AIM OF THE EXERCISE -> Every record that follows should be written out word for word; the pictures stay out.

DATA FOR REVIEW ->

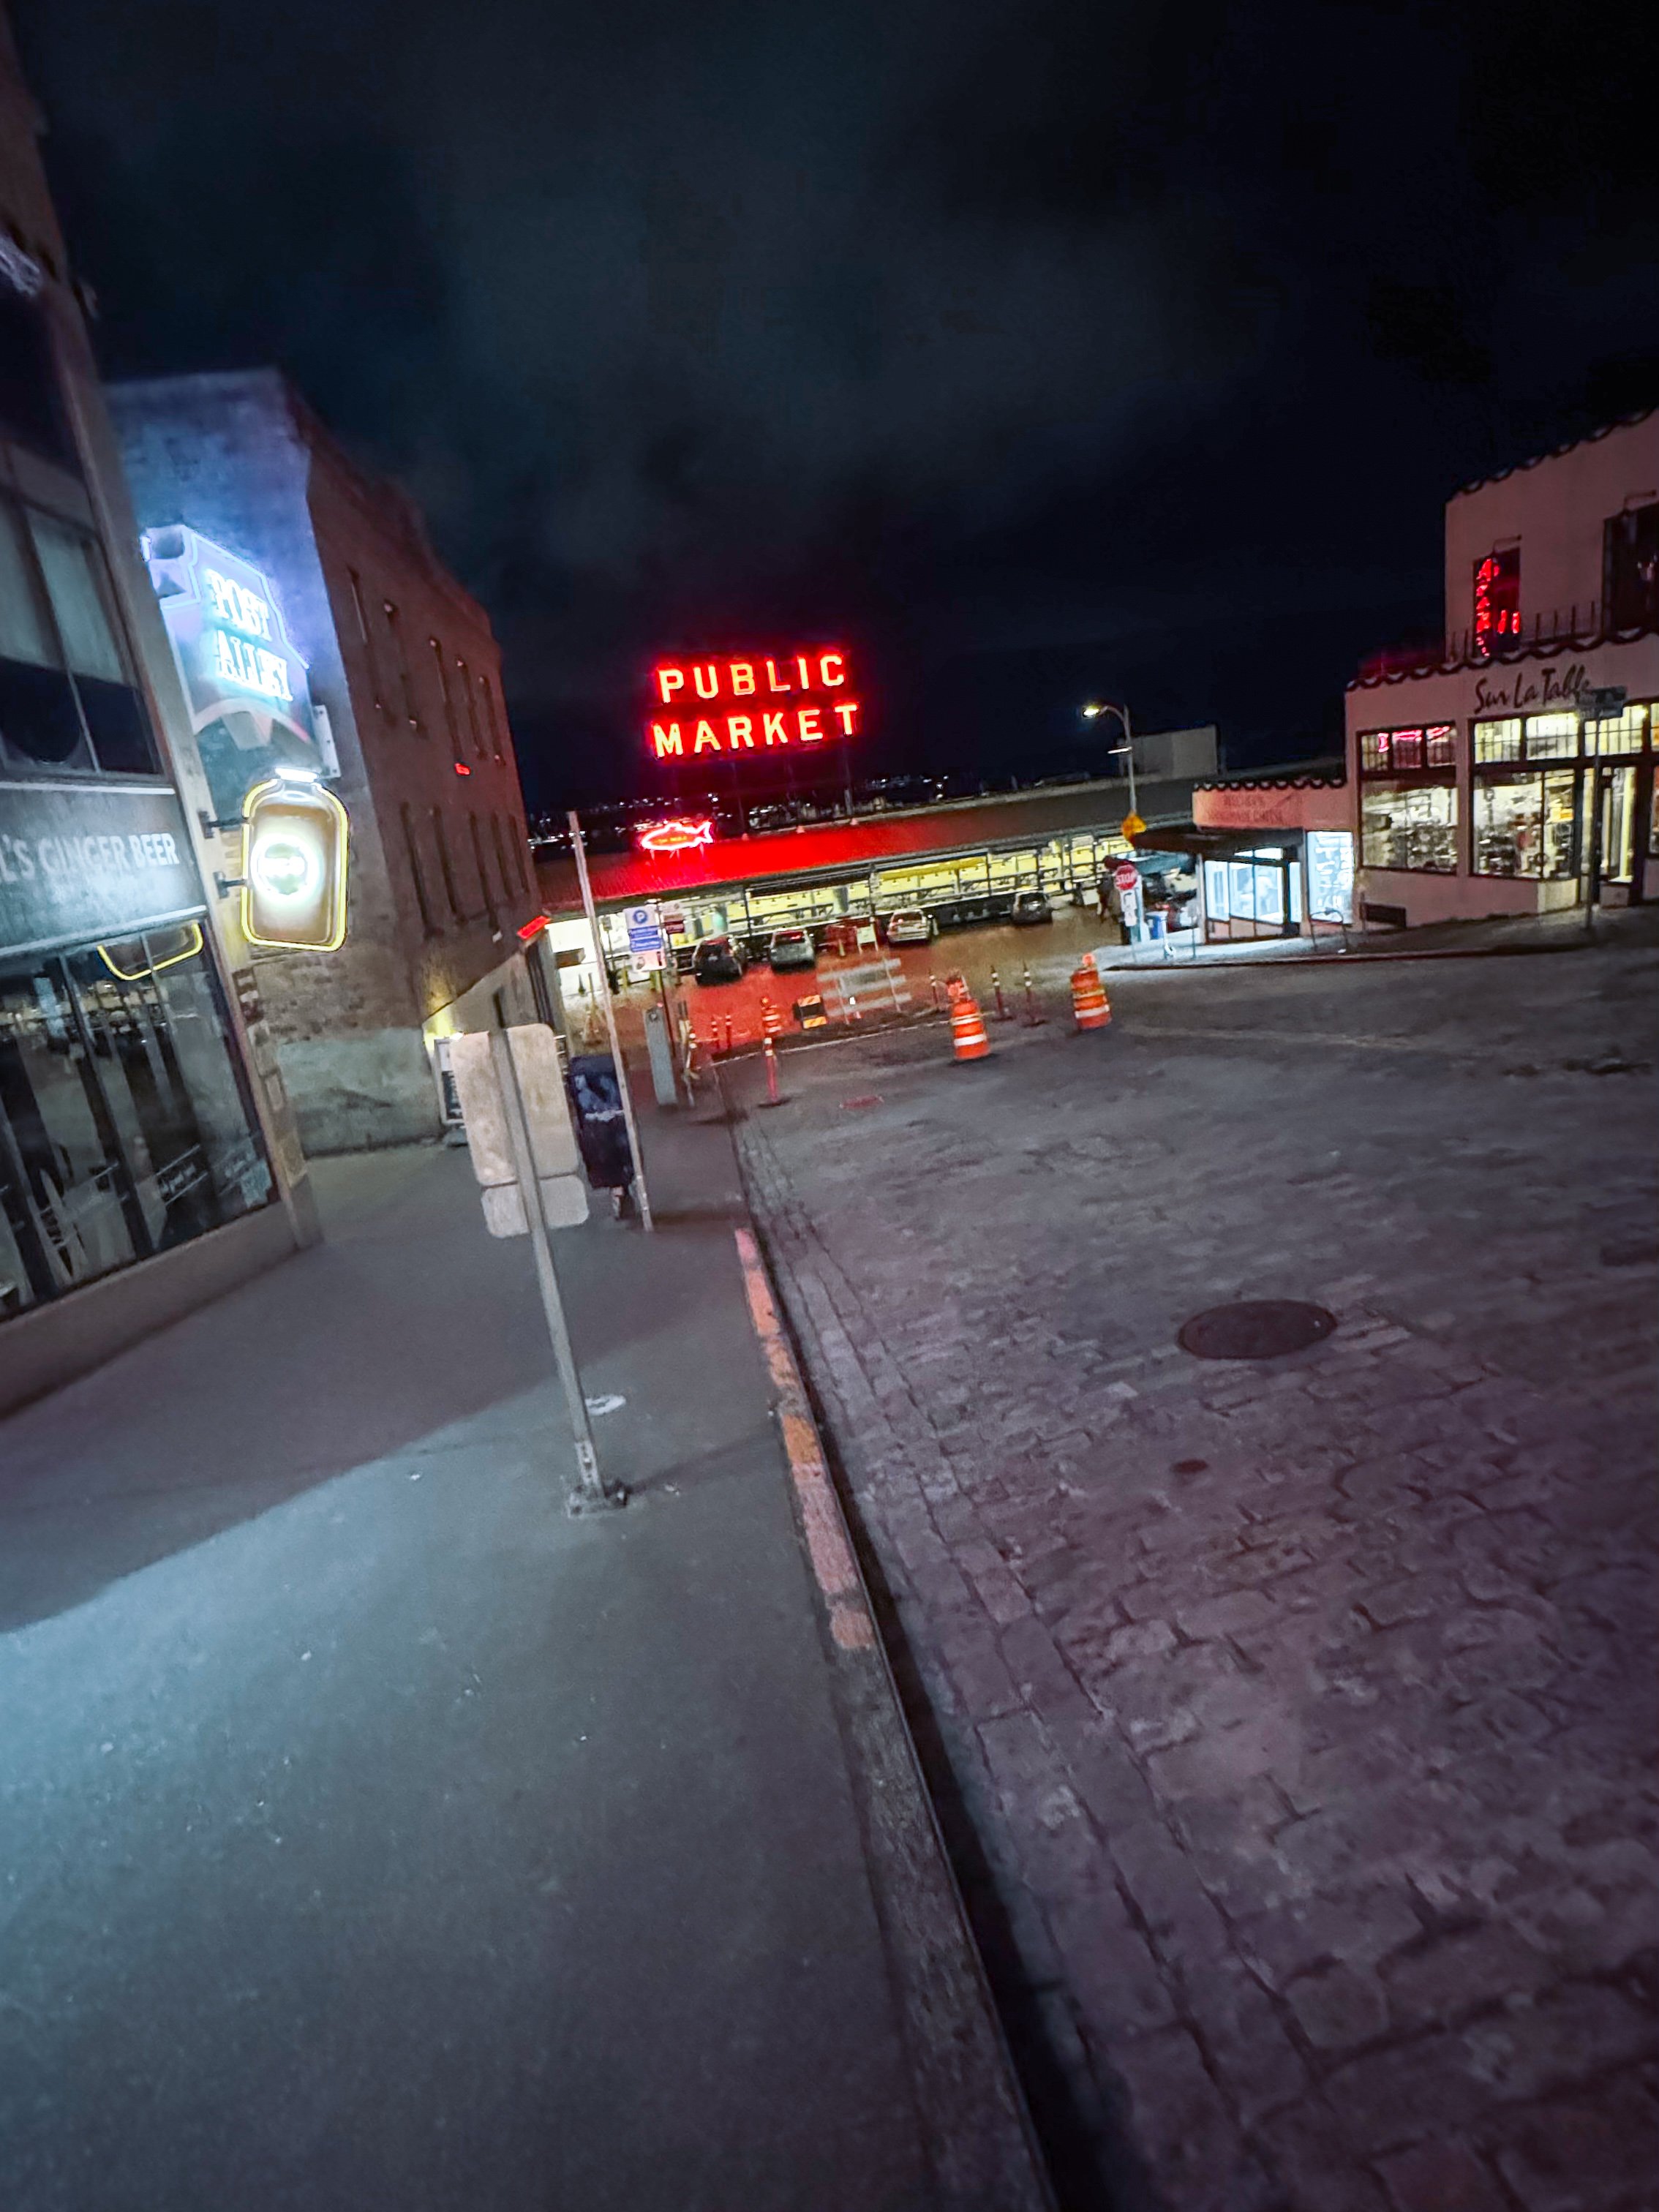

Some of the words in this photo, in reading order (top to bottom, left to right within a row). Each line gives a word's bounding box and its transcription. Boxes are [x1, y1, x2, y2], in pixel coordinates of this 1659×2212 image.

[206, 568, 272, 642] POST
[217, 630, 293, 701] ALLEY
[658, 655, 845, 703] PUBLIC
[1475, 677, 1508, 714] Sur
[1513, 671, 1538, 708] La
[1541, 665, 1592, 705] Table
[653, 704, 857, 758] MARKET
[38, 835, 131, 877] GINGER
[129, 832, 180, 868] BEER
[1116, 870, 1137, 884] STOP

TASK ANSWER ->
Some of the words in this photo, in reading order (top to bottom, left to right within a row). Each line gives a word's bounding box and its transcription. Boxes are [x1, y1, x2, y2], in pixel coordinates of this 1659×2212 image.

[206, 568, 272, 642] POST
[217, 630, 293, 701] ALLEY
[658, 655, 845, 703] PUBLIC
[1475, 677, 1508, 714] Sur
[1513, 671, 1538, 708] La
[1541, 665, 1592, 705] Table
[653, 704, 857, 758] MARKET
[38, 835, 131, 877] GINGER
[129, 832, 180, 868] BEER
[1116, 870, 1137, 884] STOP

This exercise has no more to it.